After everyone left, I told the old woman that I could no longer lend her my heart and lungs and explained that all she needed to do was to look into the light and go into it whenever she was ready. She opened her eyes and looked at me with what seemed like a combination of fear and anger; she closed her eyes again and took her last breath. There was a recognizable musty odor that penetrated that final exhale as if it contained air that had been in the bottom of her lungs for centuries.

I made all the calls to family members and got into my car to drive home. But when I turned on the keys, my body became so very cold, and my breath smelled like grandma’s final breath. I opened the window despite the frigid night, breathed in as deeply as I could to fill my lungs with fresh air, and drove home.

Totally exhausted from the last couple of days and nights, I crawled into my bed to let everything go when my body began to move on its own. My left arm rose up and slipped under my chin, and my body twisted in an unnatural position: the same position grandma’s body had been in when she died.

I shook my whole body to get rid of the spontaneous positioning, but when I surrendered to the need to go to sleep, my body returned to that position again…and then a third time. At that time in my life, I knew very little about spiritual realms, but I did have a sense that somehow grandma had come into me and was either trying to overtake me to live in my body, or take me with her so she would not have to cross over alone.

I told her she had to go to the light. I explained that I lent her my heart and lungs but it was a lending, not a giving, and that I had taken possession of them for myself. After several demands, I experienced my body as becoming only energy. I reached into my chest and found what felt like an energy membrane attached to my heart and lungs. I grabbed a hold of the membrane as if it were a piece of skin I was pulling from a sunburned part of my body. I pulled it and lifted it out of me. The membrane turned into a white smoke cloud that hovered above me. I told grandma that I could only go with her part way, but then she would have to go the rest of the way on her own. She seemed to be satisfied…and I had no idea how I even knew what to say or that I could do what I told her I’d do.

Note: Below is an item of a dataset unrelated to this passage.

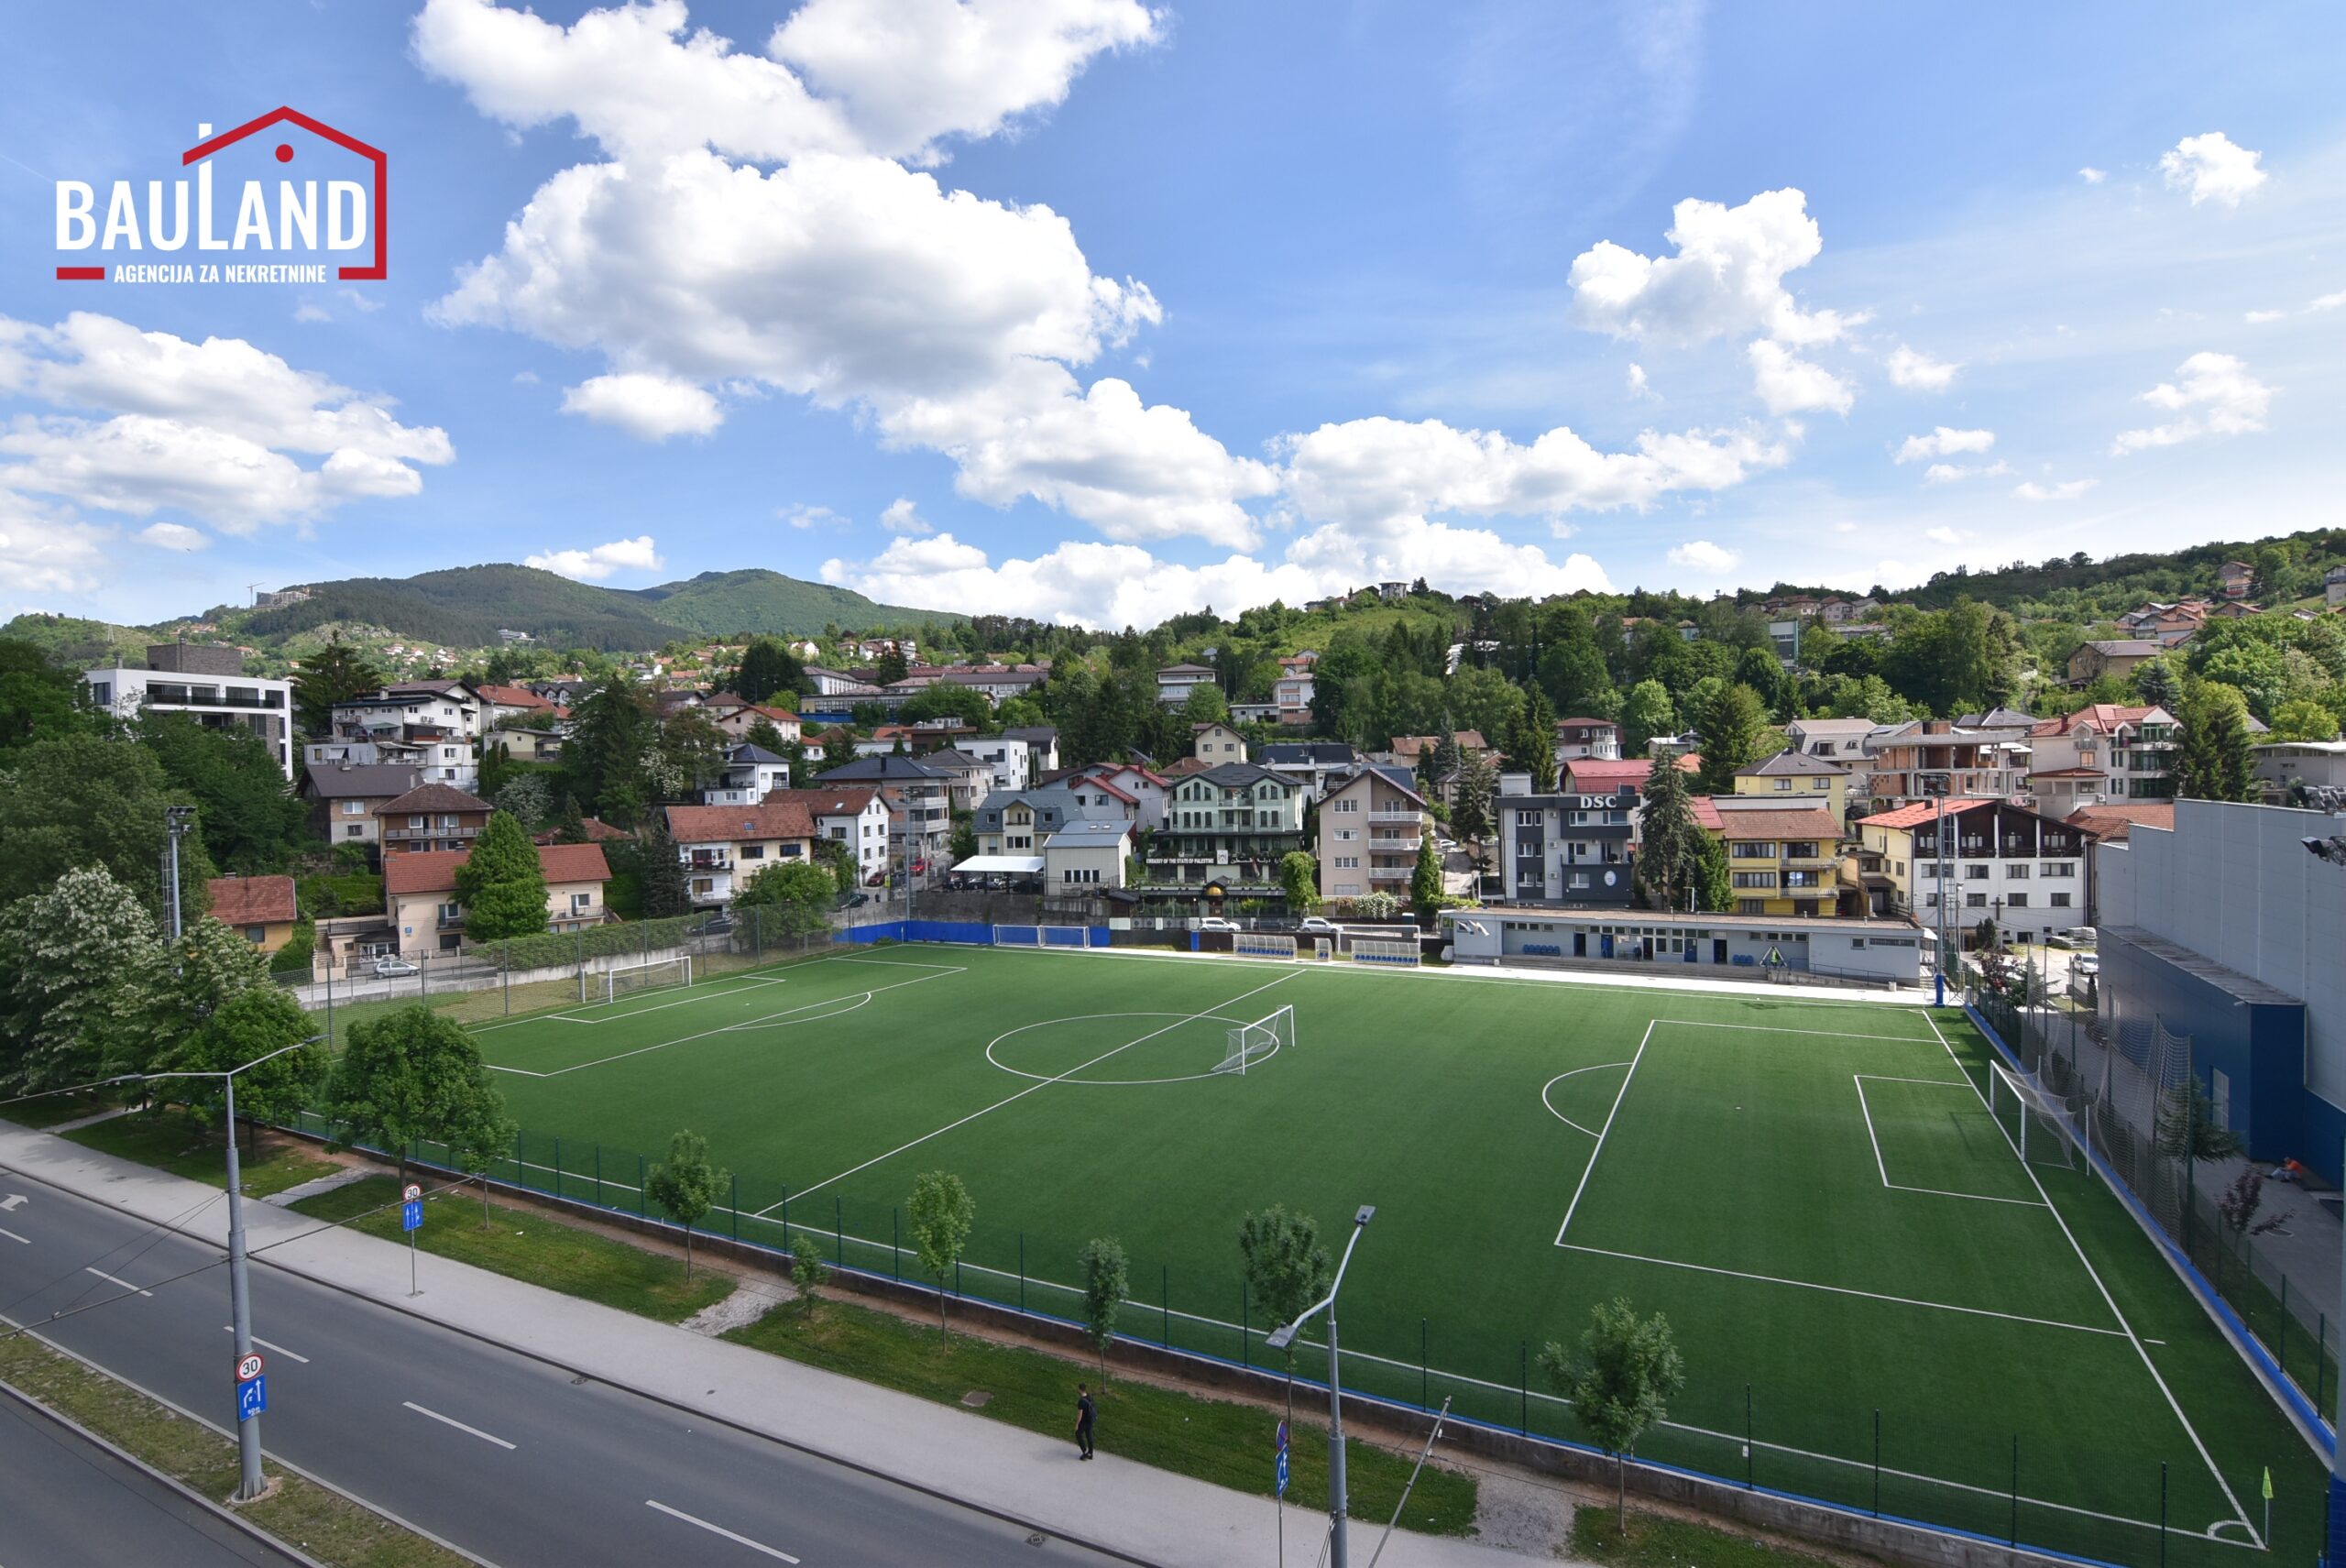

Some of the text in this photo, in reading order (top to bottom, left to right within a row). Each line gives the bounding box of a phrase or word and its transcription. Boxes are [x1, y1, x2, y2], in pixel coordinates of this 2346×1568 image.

[1580, 795, 1617, 808] DSC
[407, 1188, 418, 1198] 30
[243, 1359, 258, 1375] 30

My energy body lifted up from my physical body on the bed and grandma, and I began to move out…to somewhere. And then I stopped, I told her that was as far as I could go. I told her she would be all right…she moved on and as she did, I saw her become younger and younger. The morning came, and I awoke feeling like I had been through a warzone…but I could breath my own breath. It was a long time before I told anybody what had happened that night.


     All of this from the past was in my mind when I lay down in my bed a few nights ago after having spent two days with my mother. In the middle of the night, I woke with excruciating hunger pangs. The pain was so intense, I clutched my belly and immediately saw an image of my mother who was literally starving to death 1400 miles away from me. Somehow, after all I had learned since the mid 1980s and more so after my mother’s heart attack in 2000, about not giving away my energy or taking on other people’s ailments, I seemed to be doing it again. And when I woke the next morning, it struck me that for the past few months I have been feeling weak and was unable to force myself to do physical exercise. I had planned to use my RV to travel and teach, but I could not find the energy to do what should have been fairly easy.

On waking the morning after I returned to Colorado from Seattle, I was in good spirits, looking forward to moving on in my life, when I was engulfed in a dark depression. Soon thereafter, my dear friend, David, called to check on me because I had not been in communication with him for some time, I told him about my trip to Seattle and the metaphor I had discovered about the umbilical cord, but he provided another interpretation. He asked me to consider that it was not me who was afraid to unplug from my mother for fear I could not survive, but rather, I was afraid to let her unplug from me because of my fear that she could not survive without the attachment. She did not want to release the attachment because I represented what she thought was her life source, although that was not the truth. I spent my whole life feeling responsible for keeping her alive. And it was time I released that responsibility.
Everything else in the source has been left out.